Lawsuits alleging Patent Infringement
AstraZeneca has also brought legal action against generic drug manufacturers, such as Sun Pharma, alleging patent infringement on products like Nexium and Farxiga. Their intellectual property rights are being defended in several different court cases [Business Standard, Life Sciences IP Review].
There have been no reports of large-scale payouts to patients in the COVID-19 vaccine litigation as of today, April 30, 2024. The resolution of these class-action lawsuits may take a while.
MI (Myocardial Infarction) Cases: Insufficient Proof of a Direct Connection
Worries are, there might be a connection between the COVID-19 vaccine and MI (myocardial infarction, or heart attack).
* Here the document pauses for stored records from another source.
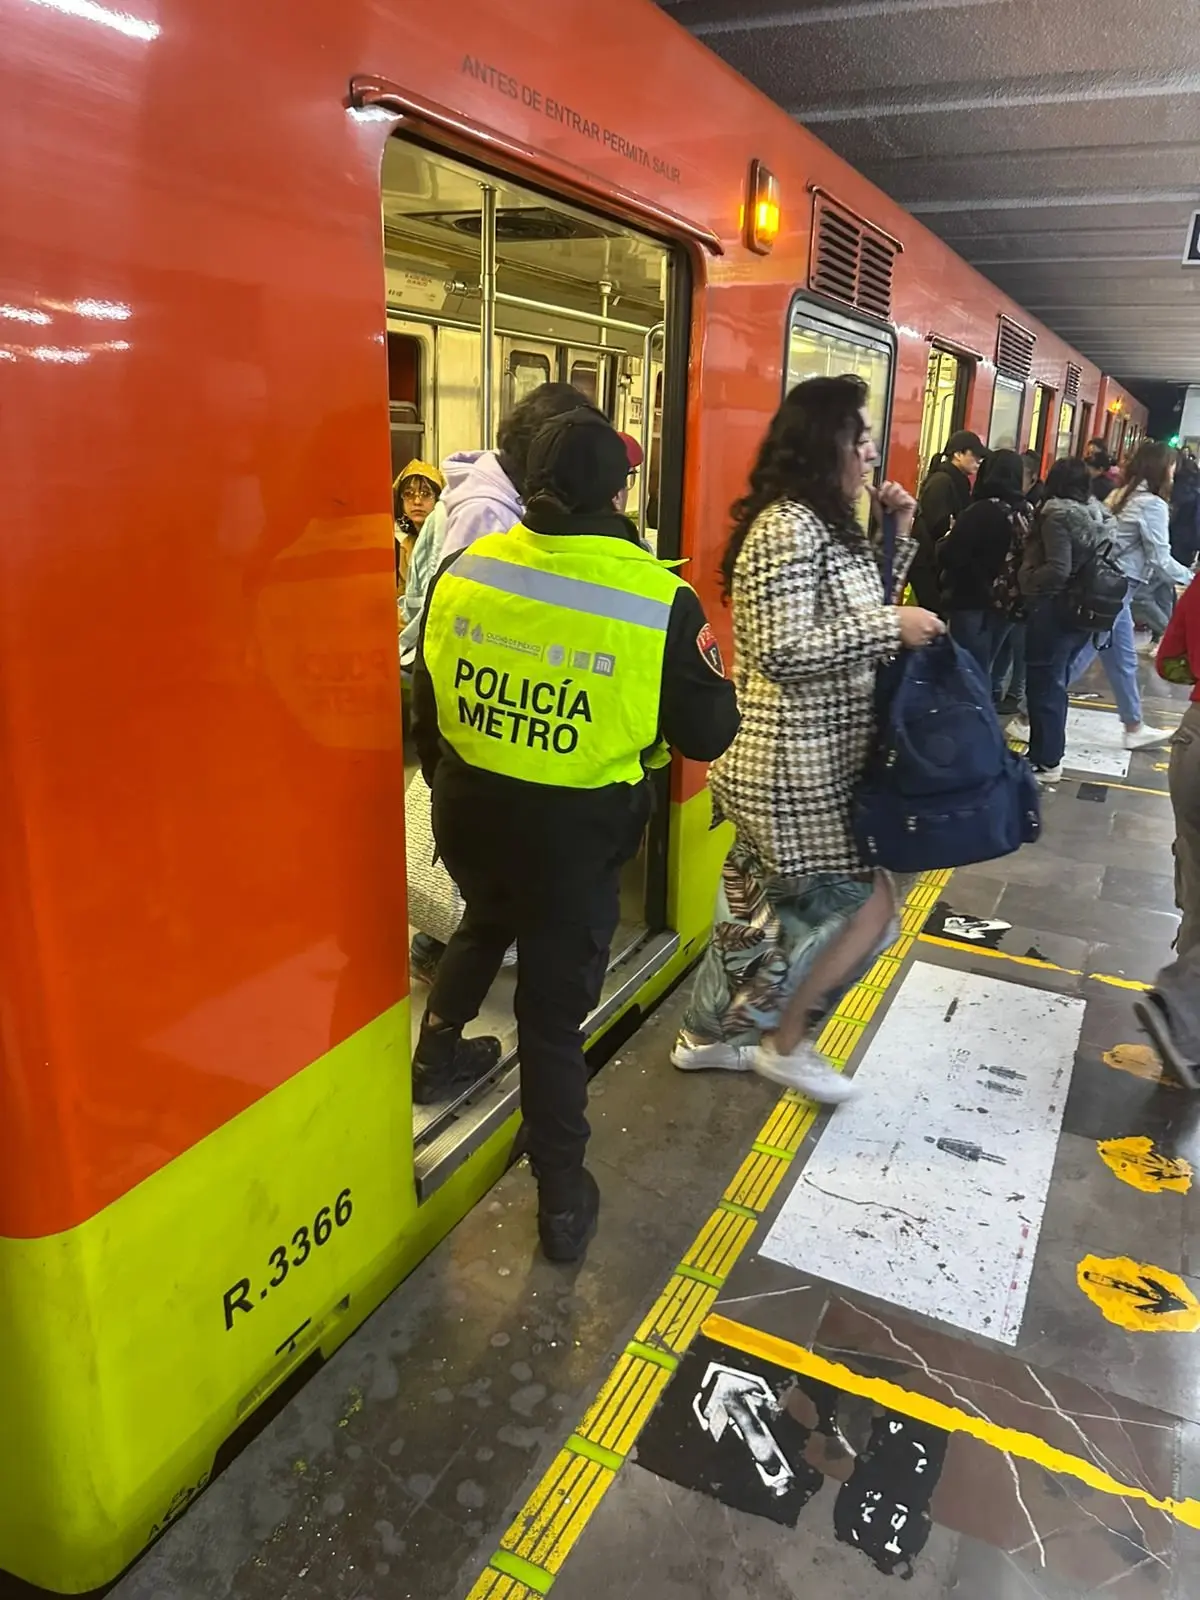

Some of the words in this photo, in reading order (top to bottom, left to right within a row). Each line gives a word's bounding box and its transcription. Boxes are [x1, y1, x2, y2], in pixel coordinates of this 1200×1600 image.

[462, 54, 518, 99] ANTES
[521, 85, 541, 111] DE
[545, 98, 600, 142] ENTRAR
[603, 129, 650, 168] PERMITA
[652, 156, 681, 185] SALIR
[454, 657, 593, 723] POLICÍA
[458, 695, 579, 755] METRO
[222, 1188, 353, 1331] R.3366
There has been a significant rise in cerebral strokes and heart attacks in young patients resulting to deaths in last two years, specially in the Indian subcontinent.
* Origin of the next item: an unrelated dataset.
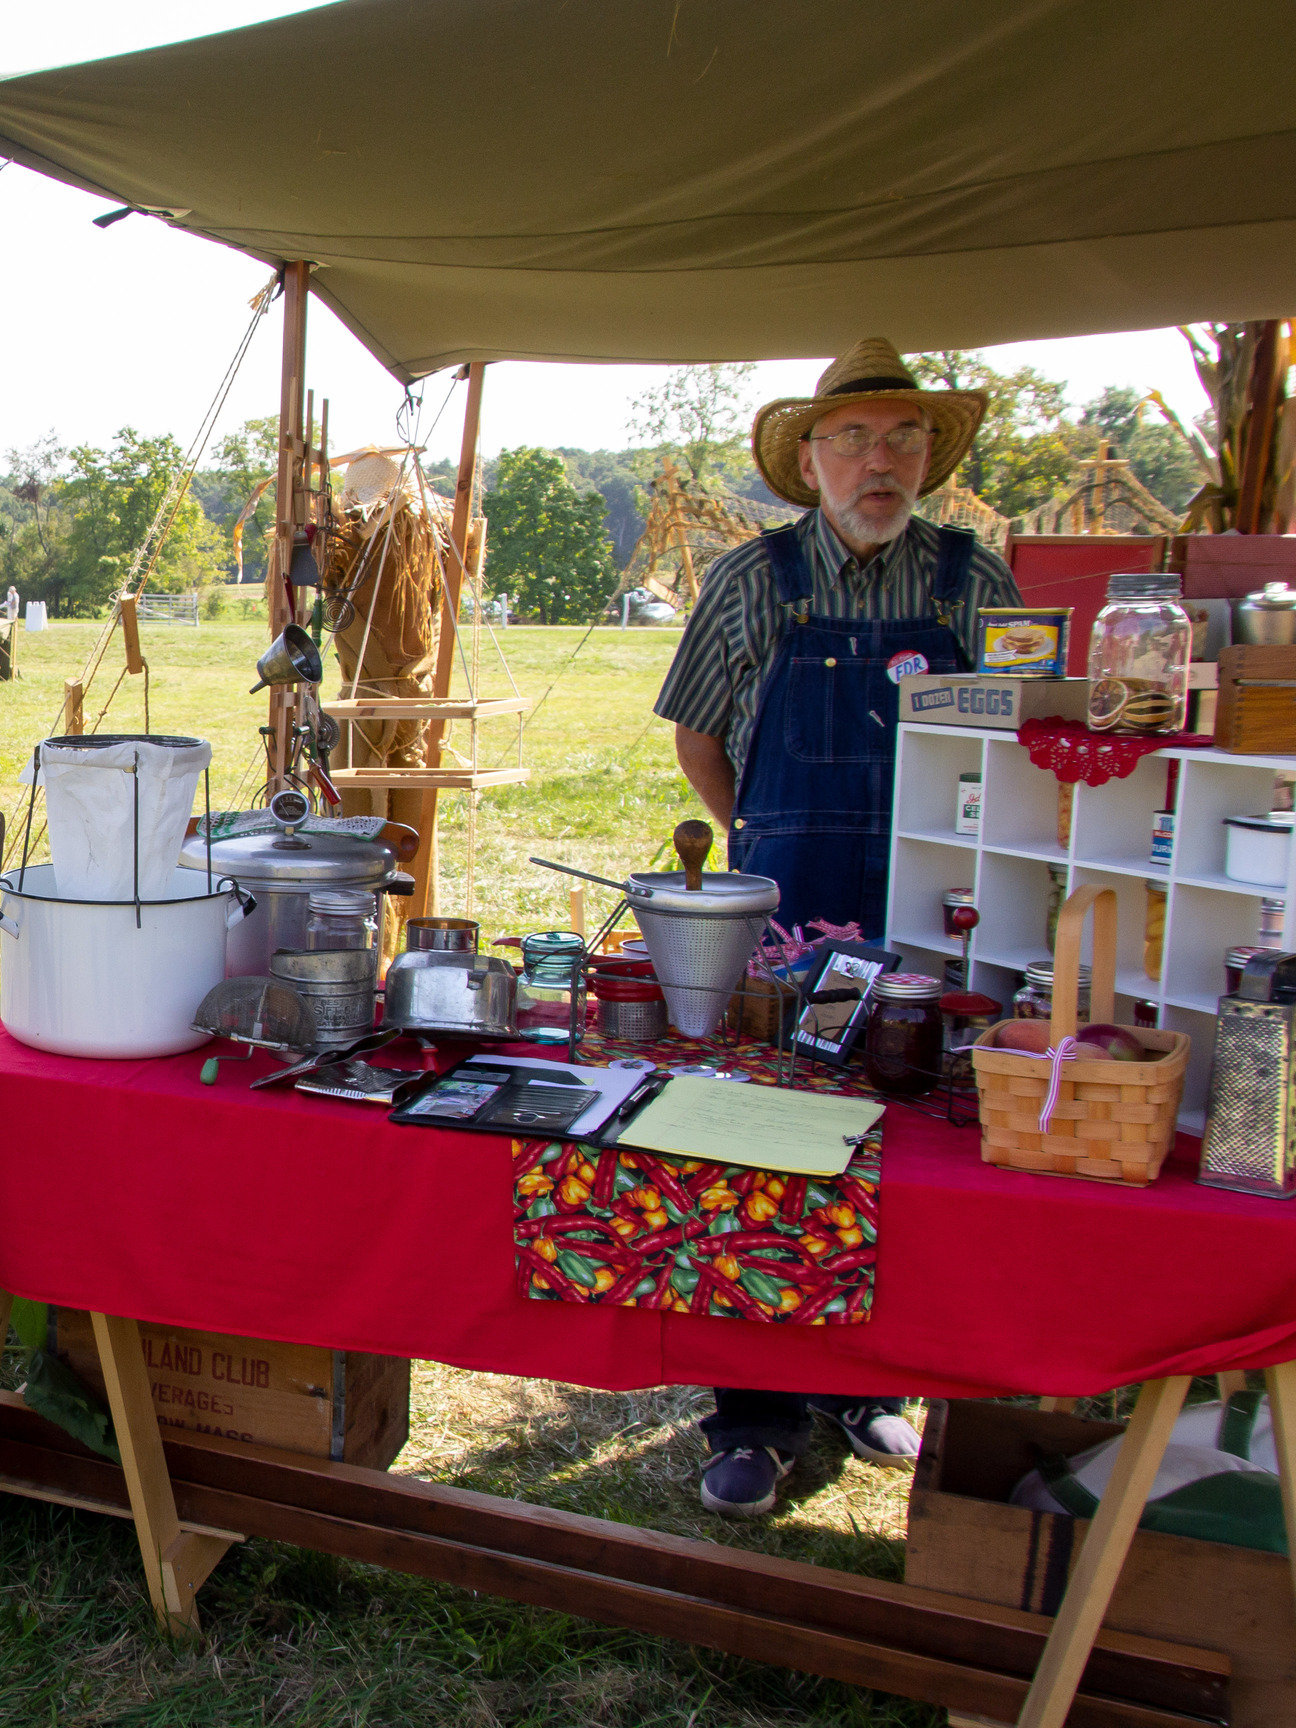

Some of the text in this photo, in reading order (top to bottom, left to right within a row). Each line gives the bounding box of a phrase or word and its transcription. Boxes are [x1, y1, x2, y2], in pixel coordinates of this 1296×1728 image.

[895, 657, 924, 682] FDR
[922, 691, 951, 707] DOZEN
[958, 687, 1013, 716] EGGS
[212, 1352, 270, 1388] CLUB
Research has not conclusively shown a cause-and-effect relationship between myocardial infarction and covishield. However, even months after recovery from COVID-19 infection itself is known to raise the chance of Heart Ailments (according to Times, US News).
Pay Attention to Underlying Conditions: Pre-existing risk factors such as smoking, high blood pressure, and cholesterol can contribute to myocardial infarction. It’s possible that in cases reported two years ago, these variables—rather than the vaccine—were more significant.
In rare instances, myocarditis—an inflammation of the heart muscle—may occur as a side effect of COVID-19 vaccinations, including Covishield. Myocarditis is not the same as a heart attack, but problems are not always inevitable.
Advice: See a physician if you have concerns about your heart health following your Covishield treatment. Heart health depends on leading a healthy lifestyle that includes a balanced diet, frequent exercise, and most importantly stress/ anxiety management.
Evidence does not point to a clear causal relationship, even though certain myocardial infarction deaths two years ago may have coincided with Covishield vaccinations. Pre-existing illnesses and the COVID-19 infection itself are more likely to be the cause. For any remaining concerns, seeking individualized guidance from a physician is advised.
The Path Ahead, Building Resilience & Strategies for Safer Vaccination Campaigns
As the worldwide immunization drive advances, striking a balance between the need to stop the spread of SARS Viruses & the like, and vaccine safety will always be crucial. Protecting the public’s health requires strict regulatory control, responsibility in the pharmaceutical sector, and vigilant monitoring of adverse responses. Proactive risk management, evidence-based decision-making, and transparency must direct future efforts to create vaccines.
The discovery that TTS may be a side effect of Covishield highlights the difficulties in developing and implementing vaccines. Although vaccinations are a viable means to escape the pandemic, managing the dangers involved calls for a diversified strategy. The legal issues facing AstraZeneca serve as a reminder of the responsibility pharmaceutical corporations have to ensure the safety of their products.
To overcome these obstacles and rebuild confidence in immunization programs, stakeholders must work together, make educated decisions, and prioritize the interests of public health.